**Input data**

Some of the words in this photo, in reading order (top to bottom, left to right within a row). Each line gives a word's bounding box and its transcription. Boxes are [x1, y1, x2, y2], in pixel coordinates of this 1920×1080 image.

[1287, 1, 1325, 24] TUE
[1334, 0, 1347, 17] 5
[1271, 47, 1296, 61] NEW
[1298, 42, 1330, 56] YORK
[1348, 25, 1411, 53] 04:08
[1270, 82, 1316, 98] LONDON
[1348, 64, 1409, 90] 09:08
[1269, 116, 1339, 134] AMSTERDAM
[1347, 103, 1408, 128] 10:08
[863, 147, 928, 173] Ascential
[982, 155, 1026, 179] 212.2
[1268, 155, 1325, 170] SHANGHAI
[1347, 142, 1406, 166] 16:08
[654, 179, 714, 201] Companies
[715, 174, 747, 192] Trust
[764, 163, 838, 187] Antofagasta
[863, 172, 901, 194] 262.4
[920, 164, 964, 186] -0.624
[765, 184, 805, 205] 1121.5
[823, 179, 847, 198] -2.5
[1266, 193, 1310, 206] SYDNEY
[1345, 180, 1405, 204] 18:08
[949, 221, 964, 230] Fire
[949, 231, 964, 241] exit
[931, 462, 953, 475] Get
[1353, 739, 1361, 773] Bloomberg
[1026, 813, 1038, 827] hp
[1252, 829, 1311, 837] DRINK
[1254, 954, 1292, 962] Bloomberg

**Work required**
Reproduce the entries above exactly, every line included.

**Your response**
Some of the words in this photo, in reading order (top to bottom, left to right within a row). Each line gives a word's bounding box and its transcription. Boxes are [x1, y1, x2, y2], in pixel coordinates of this 1920×1080 image.

[1287, 1, 1325, 24] TUE
[1334, 0, 1347, 17] 5
[1271, 47, 1296, 61] NEW
[1298, 42, 1330, 56] YORK
[1348, 25, 1411, 53] 04:08
[1270, 82, 1316, 98] LONDON
[1348, 64, 1409, 90] 09:08
[1269, 116, 1339, 134] AMSTERDAM
[1347, 103, 1408, 128] 10:08
[863, 147, 928, 173] Ascential
[982, 155, 1026, 179] 212.2
[1268, 155, 1325, 170] SHANGHAI
[1347, 142, 1406, 166] 16:08
[654, 179, 714, 201] Companies
[715, 174, 747, 192] Trust
[764, 163, 838, 187] Antofagasta
[863, 172, 901, 194] 262.4
[920, 164, 964, 186] -0.624
[765, 184, 805, 205] 1121.5
[823, 179, 847, 198] -2.5
[1266, 193, 1310, 206] SYDNEY
[1345, 180, 1405, 204] 18:08
[949, 221, 964, 230] Fire
[949, 231, 964, 241] exit
[931, 462, 953, 475] Get
[1353, 739, 1361, 773] Bloomberg
[1026, 813, 1038, 827] hp
[1252, 829, 1311, 837] DRINK
[1254, 954, 1292, 962] Bloomberg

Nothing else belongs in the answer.